The following institutions are located in Contai subdivision:
- Mugberia Gangadhar Mahavidyalaya at Mugberia, near Bhupatinagar in Bhagabanpur II CD Block was established in 1964. In addition to the courses in arts, science and commerce, it offers degree and post-graduate courses in physical education.
- Ramnagar College at Depal in Ramnagar II CD Block was established in 1972. In addition to courses in arts, science and commerce, it offers courses in hospitality and tourism, and fishery and farm management.
- Ramnagar B.Ed College at Depal in Ramnagar II CD Block offers B.Ed. course.
- Khejuri College at Baratala in Khejuri II CD Block was established in 1999. In addition to courses in arts, it offers a course in Aquaculture Management and Technology.
- Prabhat Kumar College (also known as Kanthi College) at Contai was established in 1926. Apart from courses in arts, science and commerce, it offers B.Ed. and M.Sc. course in Physics.
- Contai Polytechnic at Raghurampur PO Darua.
- Raghunath Ayurved Mahavidyalaya and Hospital, Contai.
- Deshapran Mahavidyalaya at Durmut in Deshapran CD Block was established in 2010 and offers courses in arts.

==Healthcare==
The table below (all data in numbers) presents an overview of the medical facilities available and patients treated in the hospitals, health centres and sub-centres in 2014 in Purba Medinipur district.

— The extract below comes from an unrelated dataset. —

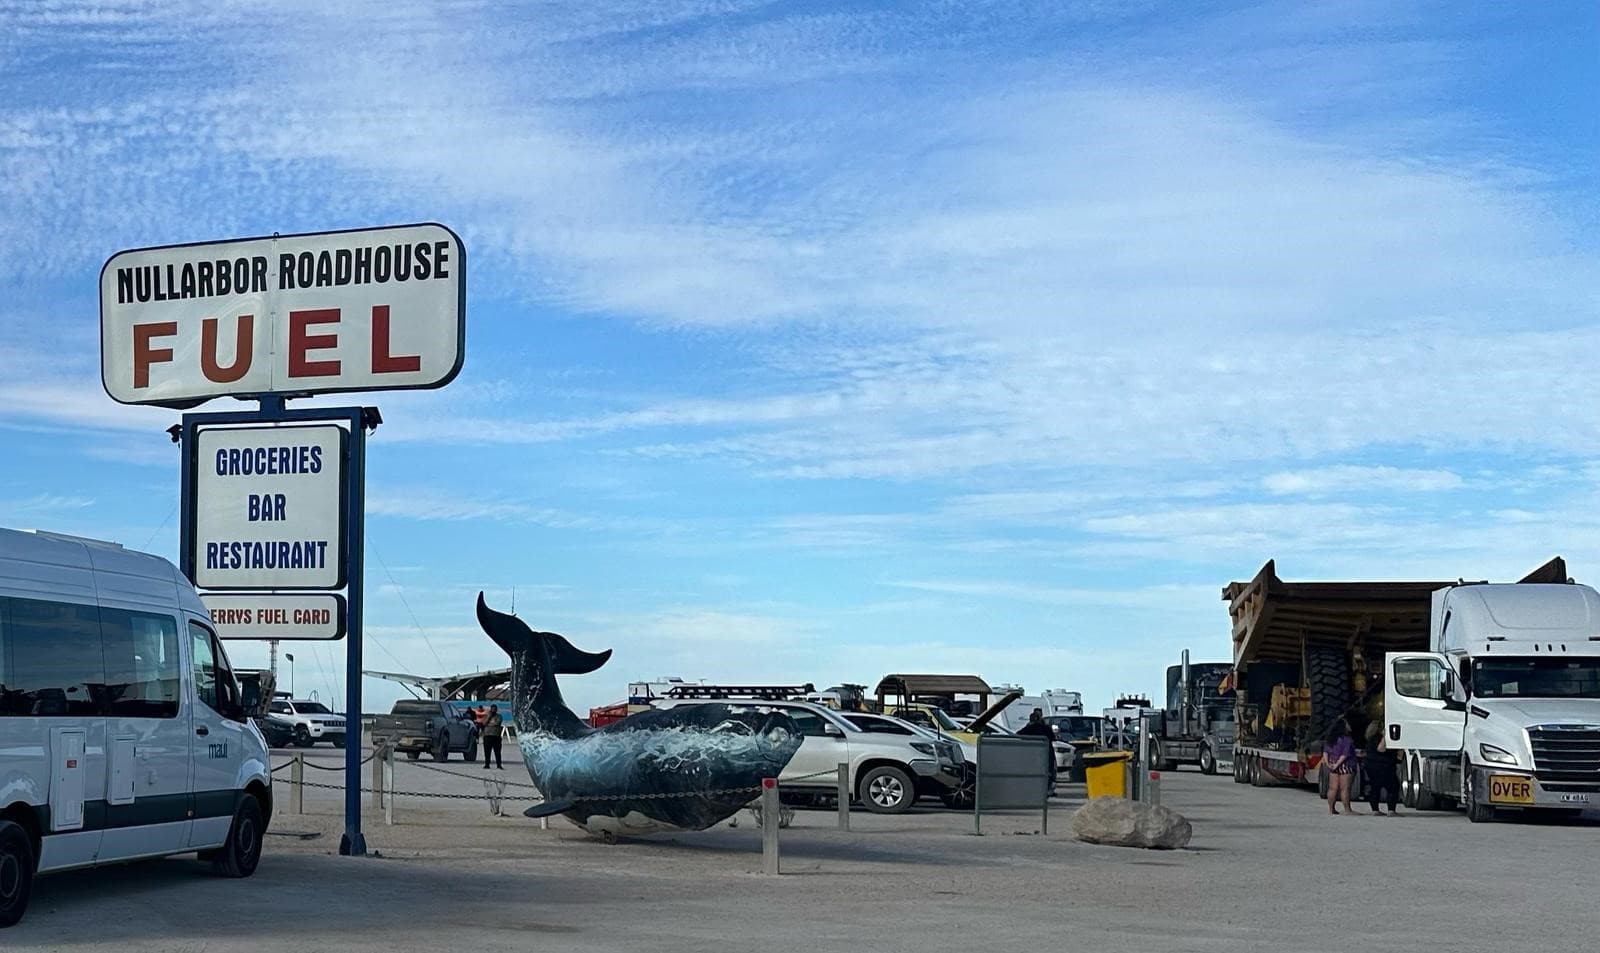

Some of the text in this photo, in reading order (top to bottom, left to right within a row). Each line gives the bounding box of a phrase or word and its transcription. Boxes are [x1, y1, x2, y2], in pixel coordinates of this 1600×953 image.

| Subdivision | Health & Family Welfare Deptt, WB |  |  |  | Other State Govt Deptts | Local bodies | Central Govt Deptts / PSUs | NGO / Private Nursing Homes | Total | Total Number of Beds | Total Number of Doctors | Indoor Patients | Outdoor Patients |
| Hospitals | Rural Hospitals | Block Primary Health Centres | Primary Health Centres |
| Tamluk | 1 | - | 7 | 14 | - | - | - | 70 | 92 | 1,506 | 96 | 61,84 | 1,251,099 |
| Haldia | 1 | 2 | 3 | 10 | - | - | - | 19 | 35 | 803 | 67 | 27,586 | 757,876 |
| Egra | 1 | 1 | 4 | 11 | - | - | - | 21 | 38 | 489 | 42 | 23,699 | 419,829 |
| Contai | 2 | - | 8 | 16 | - | - | - | 22 | 48 | 688 | 88 | 59,882 | 890,607 |
| Purba Medinipur district | 5 | 3 | 22 | 51 | - | - | - | 132 | 213 | 3,486 | 293 | 172,251 | 3,319,411 |

Medical facilities available in Contai subdivision are as follows:

Hospitals: (Name, location, beds)

Contai Subdivision Hospital, Contai, 141 beds

Digha State General Hospital, Digha, 50 beds

Rural Hospitals: (Name, CD block, location, beds)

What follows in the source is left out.